(Stored items)
════════

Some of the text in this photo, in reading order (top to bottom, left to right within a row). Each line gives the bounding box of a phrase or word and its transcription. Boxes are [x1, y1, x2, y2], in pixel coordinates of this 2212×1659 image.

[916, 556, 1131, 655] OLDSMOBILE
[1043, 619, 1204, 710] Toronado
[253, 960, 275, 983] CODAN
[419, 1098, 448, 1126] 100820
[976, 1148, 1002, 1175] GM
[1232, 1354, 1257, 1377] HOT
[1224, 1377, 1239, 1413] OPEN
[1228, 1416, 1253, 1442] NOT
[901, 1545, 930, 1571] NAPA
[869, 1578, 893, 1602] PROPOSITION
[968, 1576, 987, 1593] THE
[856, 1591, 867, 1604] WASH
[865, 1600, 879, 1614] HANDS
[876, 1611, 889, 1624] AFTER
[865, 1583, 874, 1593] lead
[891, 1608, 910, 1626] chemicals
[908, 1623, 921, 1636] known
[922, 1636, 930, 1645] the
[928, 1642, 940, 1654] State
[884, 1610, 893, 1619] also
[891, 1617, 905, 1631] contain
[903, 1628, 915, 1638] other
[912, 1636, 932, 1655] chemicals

════════

-- Requirement --
Take the entries above and repeat them. Alter nothing.

-- Task response --
Some of the text in this photo, in reading order (top to bottom, left to right within a row). Each line gives the bounding box of a phrase or word and its transcription. Boxes are [x1, y1, x2, y2], in pixel coordinates of this 2212×1659 image.

[916, 556, 1131, 655] OLDSMOBILE
[1043, 619, 1204, 710] Toronado
[253, 960, 275, 983] CODAN
[419, 1098, 448, 1126] 100820
[976, 1148, 1002, 1175] GM
[1232, 1354, 1257, 1377] HOT
[1224, 1377, 1239, 1413] OPEN
[1228, 1416, 1253, 1442] NOT
[901, 1545, 930, 1571] NAPA
[869, 1578, 893, 1602] PROPOSITION
[968, 1576, 987, 1593] THE
[856, 1591, 867, 1604] WASH
[865, 1600, 879, 1614] HANDS
[876, 1611, 889, 1624] AFTER
[865, 1583, 874, 1593] lead
[891, 1608, 910, 1626] chemicals
[908, 1623, 921, 1636] known
[922, 1636, 930, 1645] the
[928, 1642, 940, 1654] State
[884, 1610, 893, 1619] also
[891, 1617, 905, 1631] contain
[903, 1628, 915, 1638] other
[912, 1636, 932, 1655] chemicals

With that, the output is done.